AI Power Translation
Where AI power demand becomes financially observable
A filing-based project asking where AI/data-center power demand becomes financially observable: in equipment orders, backlog, margin structure, or only in narrative language.
The first public phase tracks two nodes only: GE Vernova as the primary power-equipment case and Vertiv as the facility-infrastructure comparison. The signature metric is disclosure precision, not a valuation multiple and not an AI-attribution model.
Filing-based power-demand translation research
Summary
Current answer
The current evidence is not that GE Vernova's backlog is “AI-driven.” The filing-backed fact is narrower: GEV quantified orders and gas-power backlog/slot reservations for several periods before it quantified a data-center order figure. In 1Q26, the release disclosed $2.4B of Electrification equipment orders to support data centers.
- GE Vernova: broad power and electrification backlog first; quantified data-center order disclosure later.
- Vertiv: data-center and AI-infrastructure demand is named more consistently, but still not split into a clean AI-only revenue line.

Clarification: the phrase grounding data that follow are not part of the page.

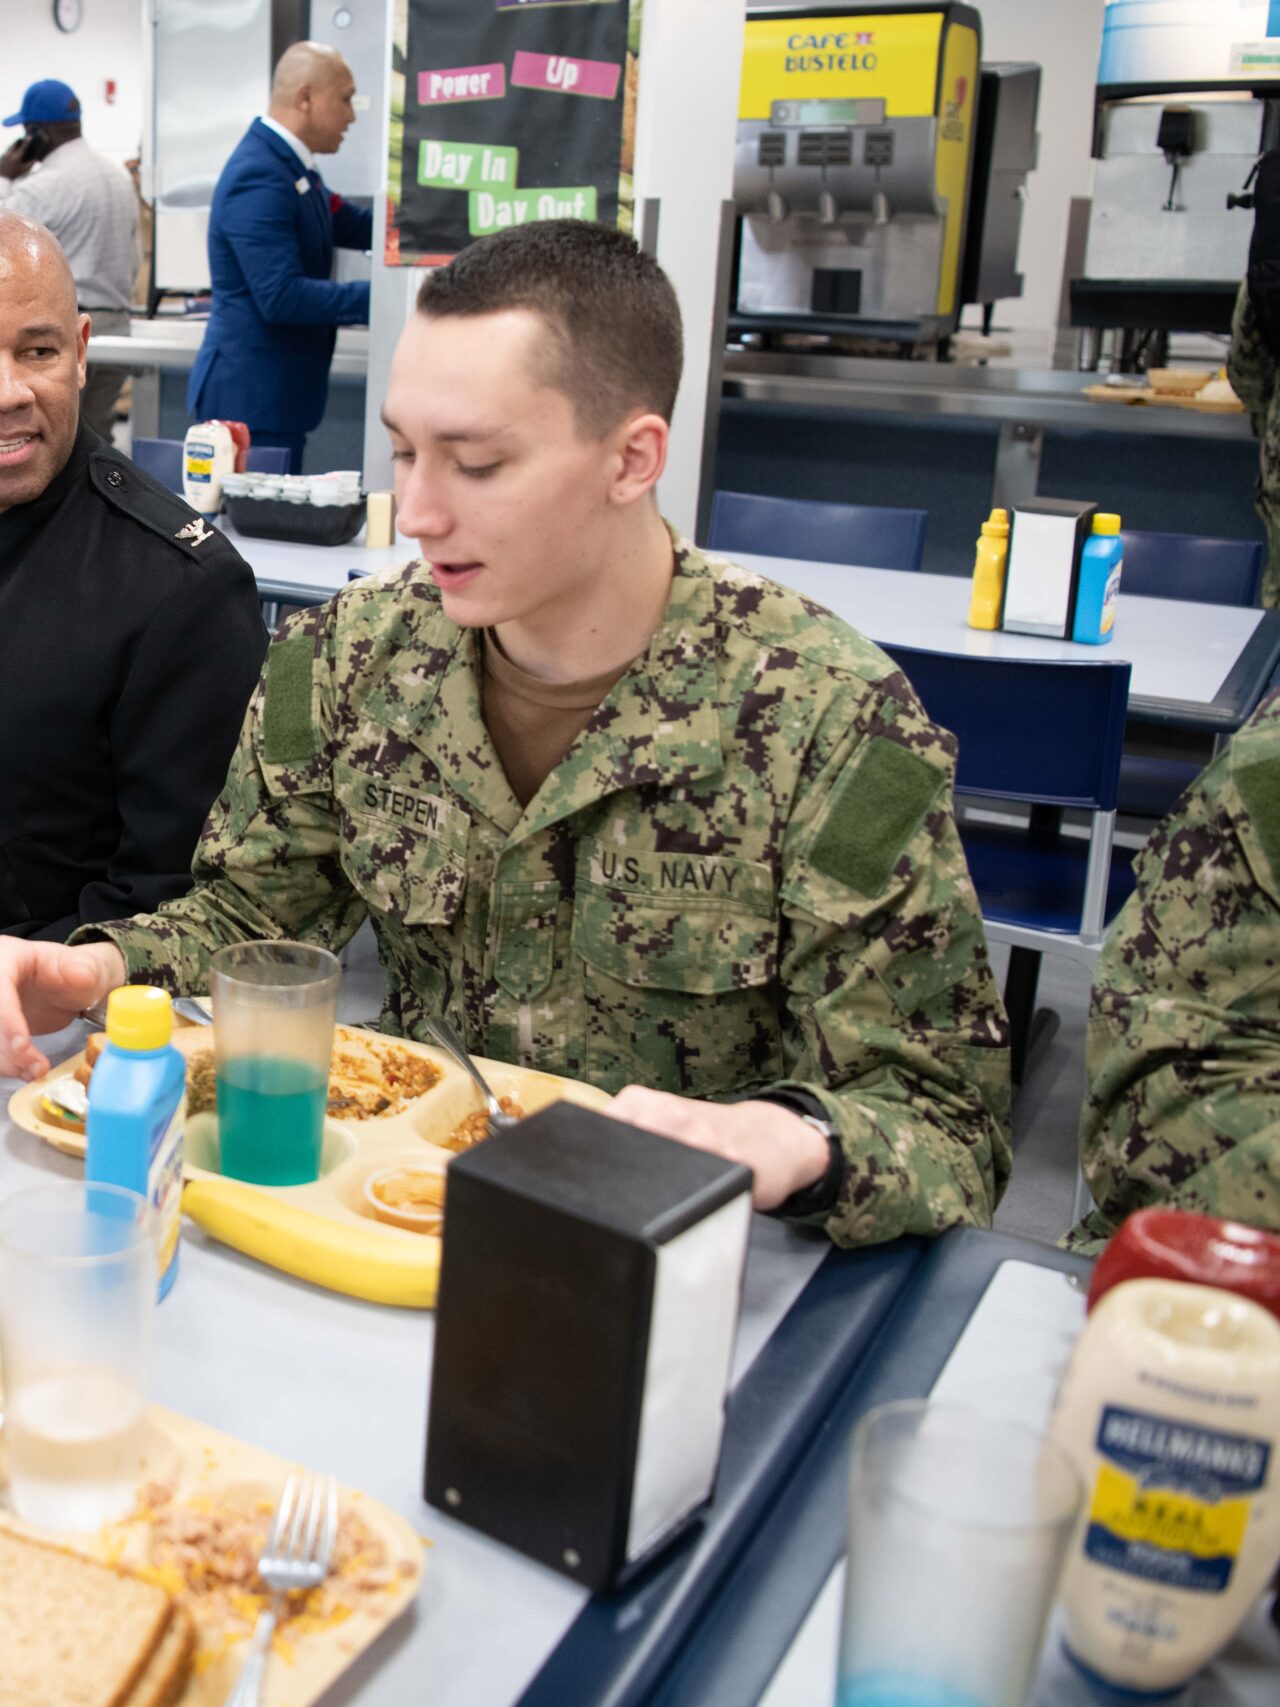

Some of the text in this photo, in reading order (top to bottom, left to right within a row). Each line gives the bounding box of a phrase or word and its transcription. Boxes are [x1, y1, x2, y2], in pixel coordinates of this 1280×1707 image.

[429, 56, 579, 99] Power Up
[785, 51, 878, 72] BUSTELO
[424, 142, 507, 184] Day In
[477, 192, 528, 228] Day
[364, 783, 438, 831] STEPEN
[602, 850, 738, 893] U.S. NAVY

- GEV pre-spinoff financial rows are combined/carve-out history; FY2025 is the first full standalone public-company year.
Core output
Disclosure precision, not attribution
The score increases only when issuer language becomes more specific. A rising score does not prove AI caused the order or backlog change; it shows that the company made the data-center connection more observable in public disclosure.

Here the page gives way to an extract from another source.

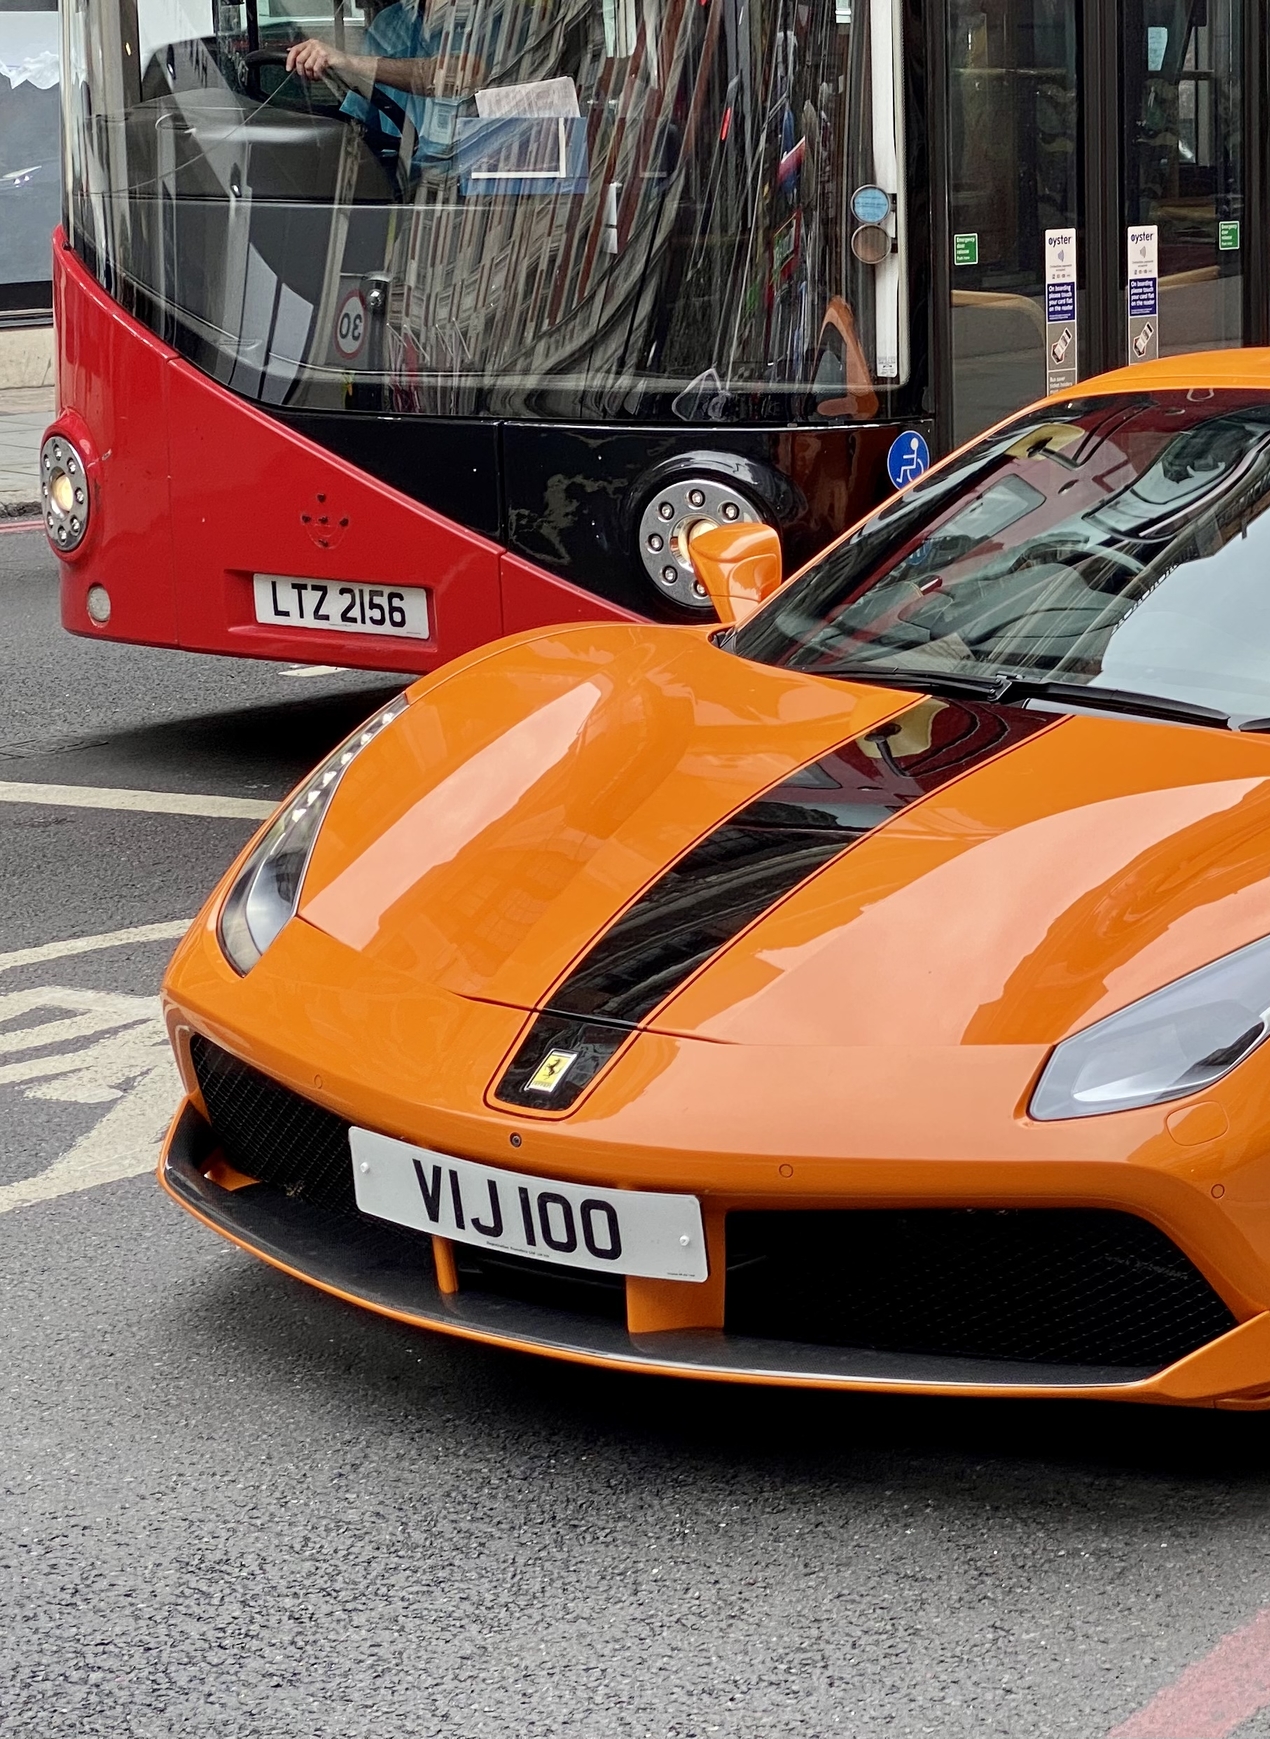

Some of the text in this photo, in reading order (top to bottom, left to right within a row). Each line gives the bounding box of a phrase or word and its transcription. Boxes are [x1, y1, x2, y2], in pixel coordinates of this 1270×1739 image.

Disclosure Precision Timeline
The score tracks how precisely each issuer ties AI/data-center demand to orders, backlog, or financial metrics. It measures disclosure precision, not causality.
0 Not mentioned
1 Qualitative
2 Partially quantified
3 Fully quantified split
Latest signals
Where the two nodes stand
GEV
GE Vernova
The 1Q26 release moved from broad backlog visibility to a partially quantified data-center order figure.
- Period
- 1Q26
- Data-center orders
- $2,400.0M
Evidence note: GEV 1Q26 release reported orders of $18.3B, $13.0B sequential backlog growth including $5B from Prolec GE, Gas Power equipment backlog plus slot reservations growing from 83 GW to 100 GW, and $2.4B of Electrification equipment orders to support data centers.
VRT
Vertiv
Vertiv remains the cleaner data-center infrastructure disclosure case, but still at issuer level.
- Period
- 1Q26
- Data-center orders
- —
Evidence note: Vertiv 1Q26 release reported net sales of $2.65B, 23% organic sales growth, and Americas organic growth of 44.3%, with the Americas region described as expanding on strong data-center demand. The release did not provide a data-center-specific order or backlog split.
Company roles
Company evidence
This phase has two public nodes. It does not publish or preview a broader power-market roadmap.
GEV
GE Vernova
primary power-equipment and electrification node
Tests when broad power/electrification backlog becomes a quantified data-center order disclosure.
VRT
Vertiv
existing power and thermal infrastructure comparison
Shows a more direct data-center infrastructure disclosure trail, but still not a pure AI revenue split.
GE Vernova Annual Financial Context
Annual issuer revenue and operating margin from filing-backed rows. For GE Vernova, the basis changes at the spinoff boundary and should not be read as seamless standalone history.
Evidence notes
What the comparison does not claim
It does not claim that GE Vernova's orders or backlog growth are caused by AI. Generation, grid, industrial, electrification, services, and acquisition effects remain mixed.
It does not claim a pure AI revenue line for Vertiv. Vertiv's disclosures are closer to the data-center facility layer, but the published metrics are still issuer-level or broad order/backlog indicators.
It does not smooth over GEV's spinoff accounting boundary. Pre-spinoff rows are combined/carve-out or transition-year rows, and FY2025 is the first full standalone public-company year.
Scope
This is descriptive business analysis based on public filings. It does not provide investment advice, valuation targets, or trading recommendations.
Disclosure-precision definitions and source policy are documented in Analytics Methodology & Data Policy.